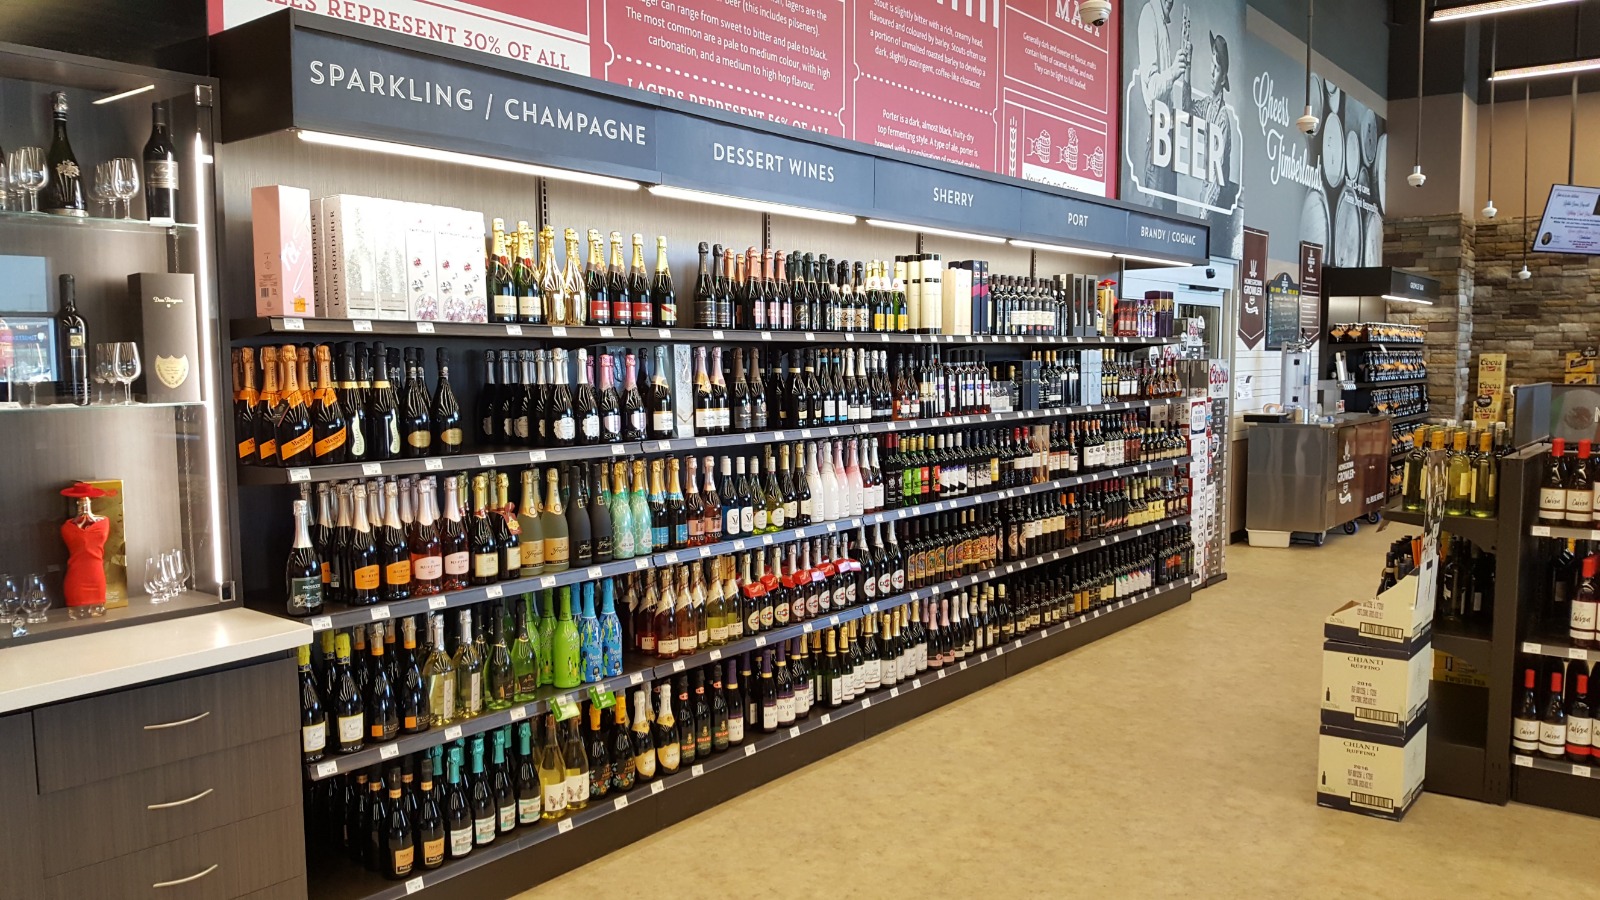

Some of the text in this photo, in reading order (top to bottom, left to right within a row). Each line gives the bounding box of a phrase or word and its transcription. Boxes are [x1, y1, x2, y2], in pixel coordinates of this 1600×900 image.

[760, 6, 787, 24] includes
[806, 7, 816, 17] are
[816, 9, 827, 21] the
[895, 6, 913, 21] slightly
[914, 13, 928, 26] bitter
[929, 19, 939, 30] with
[955, 31, 971, 45] creamy
[327, 0, 570, 70] REPRESENT 30% OF ALL
[661, 1, 675, 12] can
[677, 6, 699, 21] range
[701, 10, 719, 25] from
[720, 19, 742, 32] sweet
[744, 25, 751, 36] to
[753, 27, 772, 42] bitter
[774, 36, 785, 47] and
[787, 41, 800, 52] pale
[802, 44, 809, 54] to
[870, 10, 894, 28] flavoured
[896, 21, 905, 32] and
[906, 26, 927, 41] coloured
[928, 33, 934, 46] by
[874, 29, 894, 43] portion
[895, 37, 901, 46] of
[626, 6, 642, 21] The
[644, 14, 665, 28] most
[667, 21, 702, 39] common
[704, 33, 716, 43] are
[724, 38, 739, 50] pale
[740, 43, 748, 53] to
[750, 46, 777, 62] medium
[779, 55, 801, 71] colour,
[802, 62, 816, 74] with
[818, 65, 830, 80] high
[648, 36, 698, 59] carbonation,
[701, 51, 714, 62] and
[723, 57, 752, 72] medium
[753, 65, 760, 75] to
[762, 66, 777, 82] high
[778, 70, 790, 86] hop
[890, 50, 908, 67] slightly
[310, 60, 473, 111] SPARKLING
[504, 98, 646, 145] CHAMPAGNE
[883, 109, 899, 122] Porter
[922, 121, 938, 133] almost
[878, 125, 887, 136] top
[888, 126, 915, 144] fermenting
[934, 141, 944, 150] type
[1152, 100, 1225, 186] BEER
[714, 142, 835, 182] DESSERT WINES
[1267, 129, 1323, 190] Timberlands
[933, 187, 974, 208] SHERRY
[1068, 213, 1088, 227] PORT
[1141, 226, 1166, 240] BRANDY
[1172, 232, 1196, 245] COGNAC
[1209, 364, 1228, 384] Coors
[1348, 656, 1383, 666] CHIANTI
[1343, 741, 1379, 752] CHIANTI
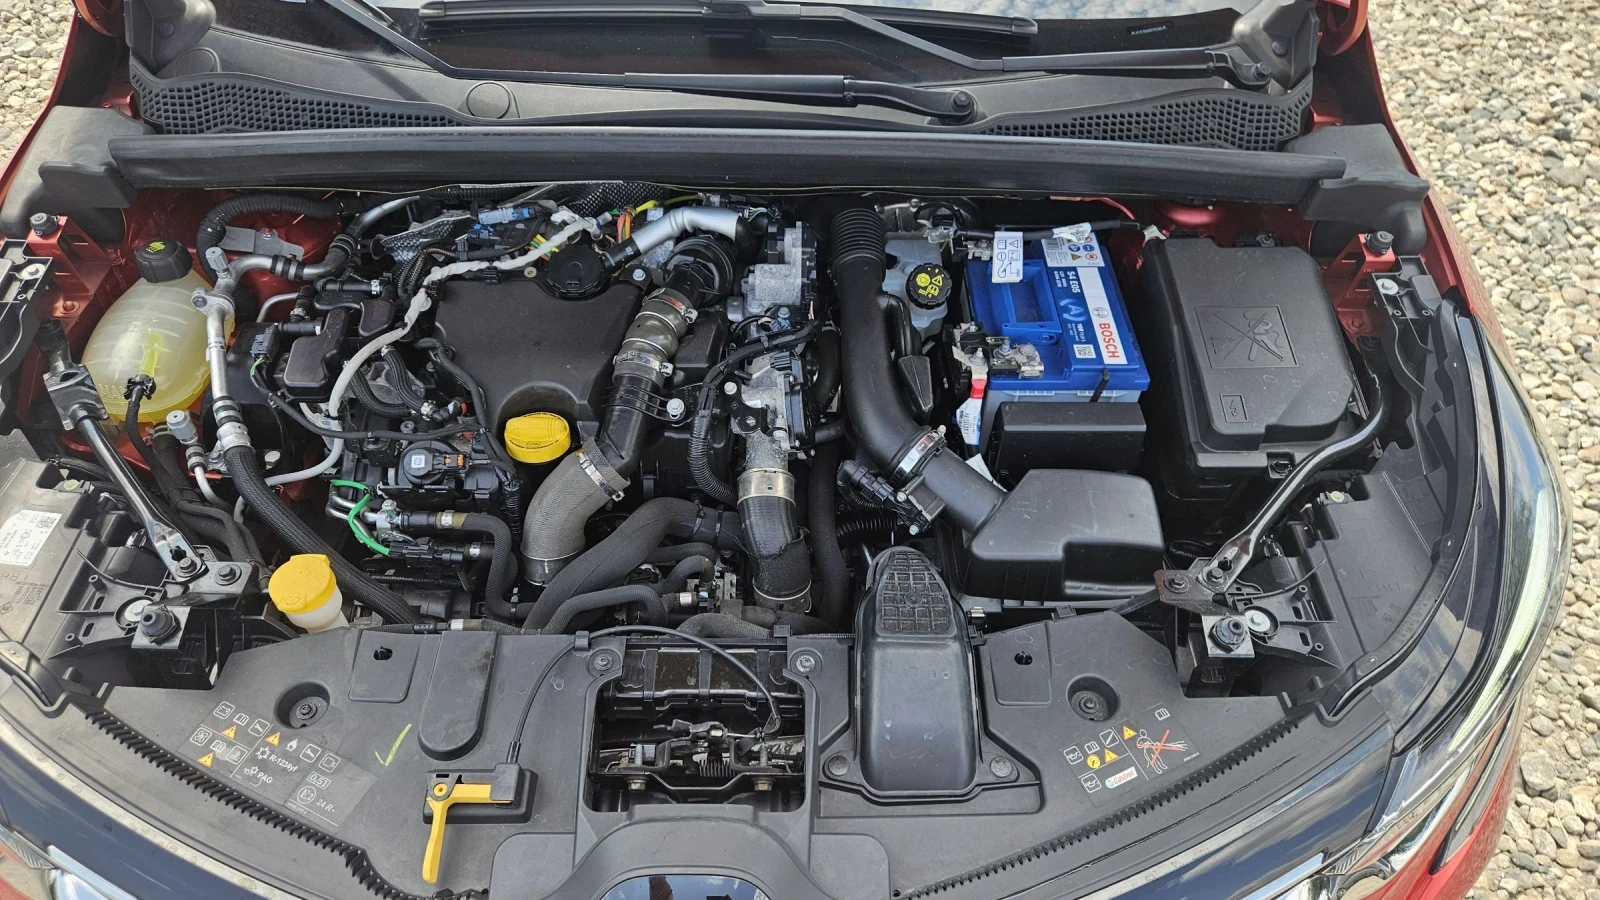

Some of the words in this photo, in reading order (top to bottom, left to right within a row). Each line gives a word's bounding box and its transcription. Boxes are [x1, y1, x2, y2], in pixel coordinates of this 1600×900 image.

[1067, 270, 1077, 280] S4
[1071, 281, 1081, 294] E05
[1098, 323, 1120, 358] BOSCH
[269, 754, 298, 771] R-1234yf
[257, 771, 273, 783] PAG
[1113, 769, 1135, 785] Castrol
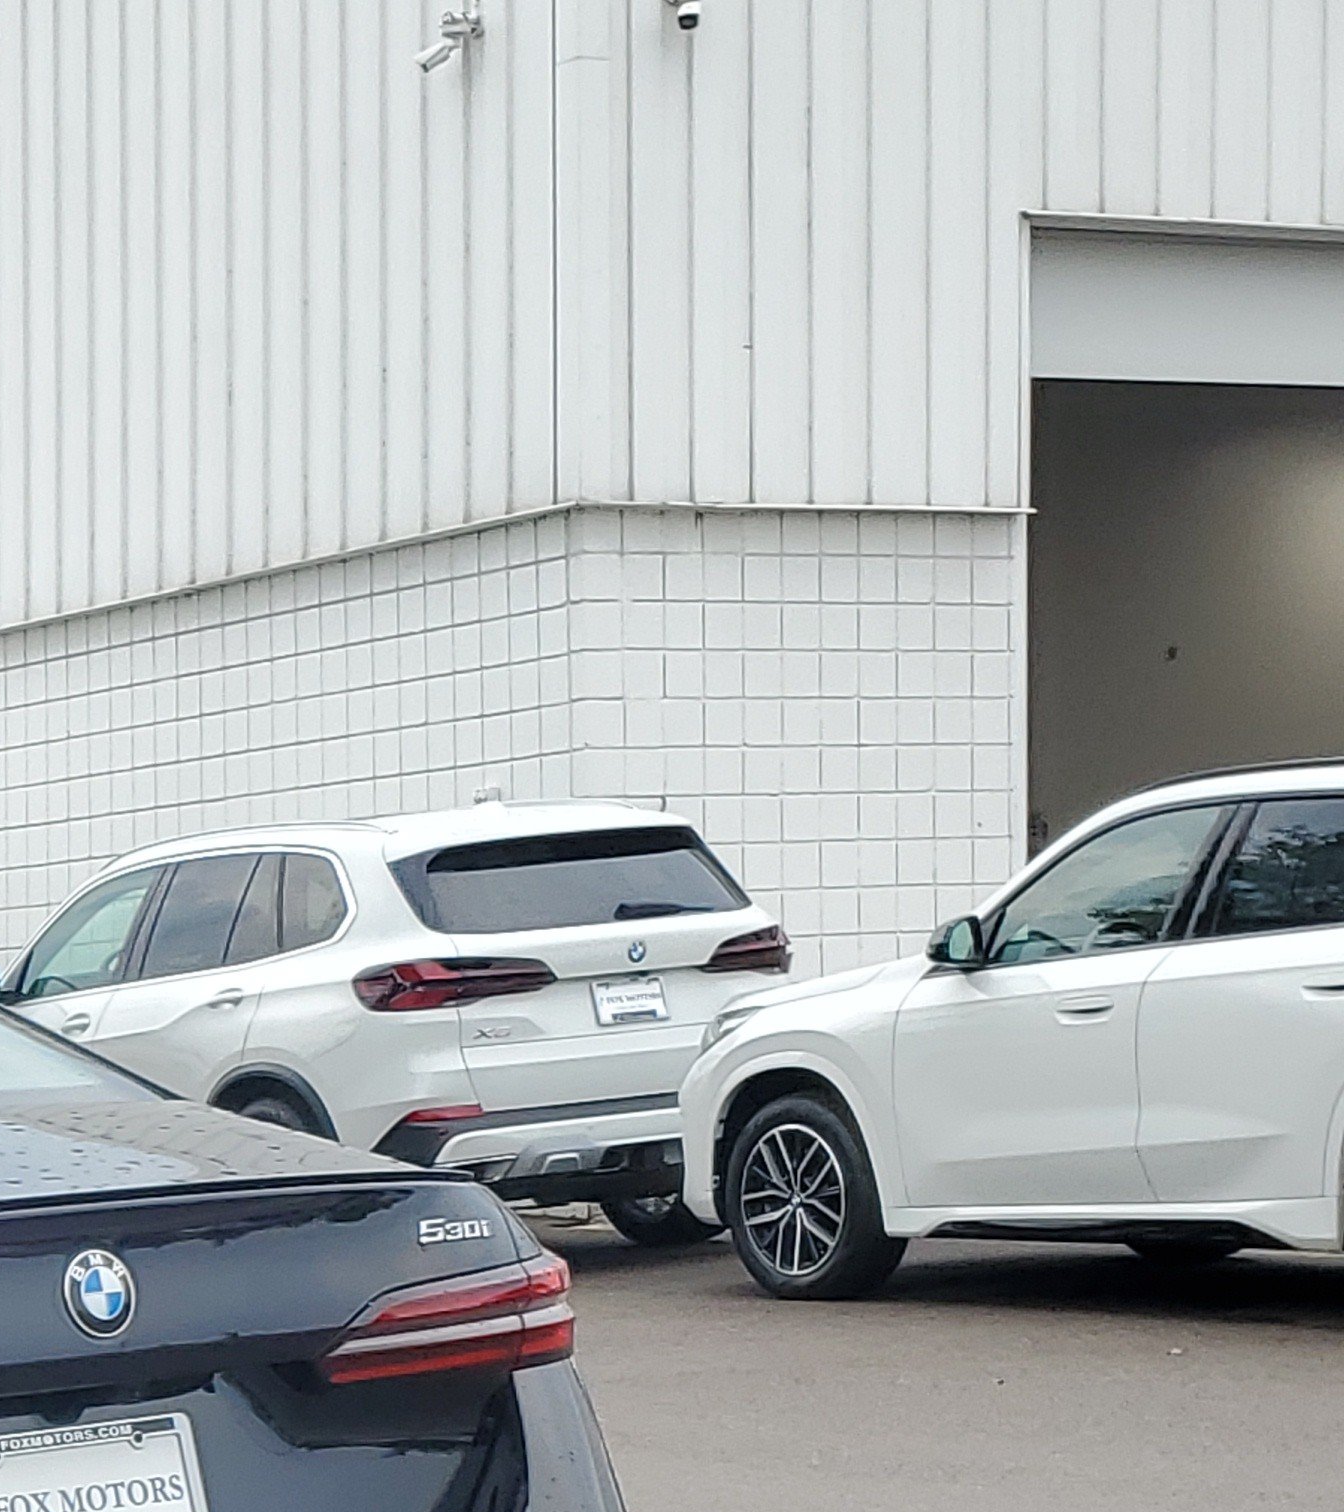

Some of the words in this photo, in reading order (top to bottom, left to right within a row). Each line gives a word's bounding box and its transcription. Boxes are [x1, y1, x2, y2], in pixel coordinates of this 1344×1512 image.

[417, 1216, 492, 1244] 530i
[71, 1253, 126, 1282] BMW
[0, 1424, 134, 1451] FOXMOTORS.COM

◆ ◆ ◆ ◆ ◆ ◆ ◆

WORK TO COMPLETE:
The entries should be printed again exactly as written, leaving all pictures out.

YOUR SOLUTION:
Some of the text in this photo, in reading order (top to bottom, left to right within a row). Each line gives the bounding box of a phrase or word and its transcription. Boxes are [x1, y1, x2, y2], in pixel coordinates of this 1600×900 image.

[760, 6, 787, 24] includes
[806, 7, 816, 17] are
[816, 9, 827, 21] the
[895, 6, 913, 21] slightly
[914, 13, 928, 26] bitter
[929, 19, 939, 30] with
[955, 31, 971, 45] creamy
[327, 0, 570, 70] REPRESENT 30% OF ALL
[661, 1, 675, 12] can
[677, 6, 699, 21] range
[701, 10, 719, 25] from
[720, 19, 742, 32] sweet
[744, 25, 751, 36] to
[753, 27, 772, 42] bitter
[774, 36, 785, 47] and
[787, 41, 800, 52] pale
[802, 44, 809, 54] to
[870, 10, 894, 28] flavoured
[896, 21, 905, 32] and
[906, 26, 927, 41] coloured
[928, 33, 934, 46] by
[874, 29, 894, 43] portion
[895, 37, 901, 46] of
[626, 6, 642, 21] The
[644, 14, 665, 28] most
[667, 21, 702, 39] common
[704, 33, 716, 43] are
[724, 38, 739, 50] pale
[740, 43, 748, 53] to
[750, 46, 777, 62] medium
[779, 55, 801, 71] colour,
[802, 62, 816, 74] with
[818, 65, 830, 80] high
[648, 36, 698, 59] carbonation,
[701, 51, 714, 62] and
[723, 57, 752, 72] medium
[753, 65, 760, 75] to
[762, 66, 777, 82] high
[778, 70, 790, 86] hop
[890, 50, 908, 67] slightly
[310, 60, 473, 111] SPARKLING
[504, 98, 646, 145] CHAMPAGNE
[883, 109, 899, 122] Porter
[922, 121, 938, 133] almost
[878, 125, 887, 136] top
[888, 126, 915, 144] fermenting
[934, 141, 944, 150] type
[1152, 100, 1225, 186] BEER
[714, 142, 835, 182] DESSERT WINES
[1267, 129, 1323, 190] Timberlands
[933, 187, 974, 208] SHERRY
[1068, 213, 1088, 227] PORT
[1141, 226, 1166, 240] BRANDY
[1172, 232, 1196, 245] COGNAC
[1209, 364, 1228, 384] Coors
[1348, 656, 1383, 666] CHIANTI
[1343, 741, 1379, 752] CHIANTI

Some of the words in this photo, in reading order (top to bottom, left to right within a row). Each line gives a word's bounding box and its transcription. Boxes are [x1, y1, x2, y2], in pixel coordinates of this 1600×900 image.

[1067, 270, 1077, 280] S4
[1071, 281, 1081, 294] E05
[1098, 323, 1120, 358] BOSCH
[269, 754, 298, 771] R-1234yf
[257, 771, 273, 783] PAG
[1113, 769, 1135, 785] Castrol

Some of the words in this photo, in reading order (top to bottom, left to right within a row). Each line gives a word's bounding box and its transcription. Boxes are [x1, y1, x2, y2], in pixel coordinates of this 1344×1512 image.

[417, 1216, 492, 1244] 530i
[71, 1253, 126, 1282] BMW
[0, 1424, 134, 1451] FOXMOTORS.COM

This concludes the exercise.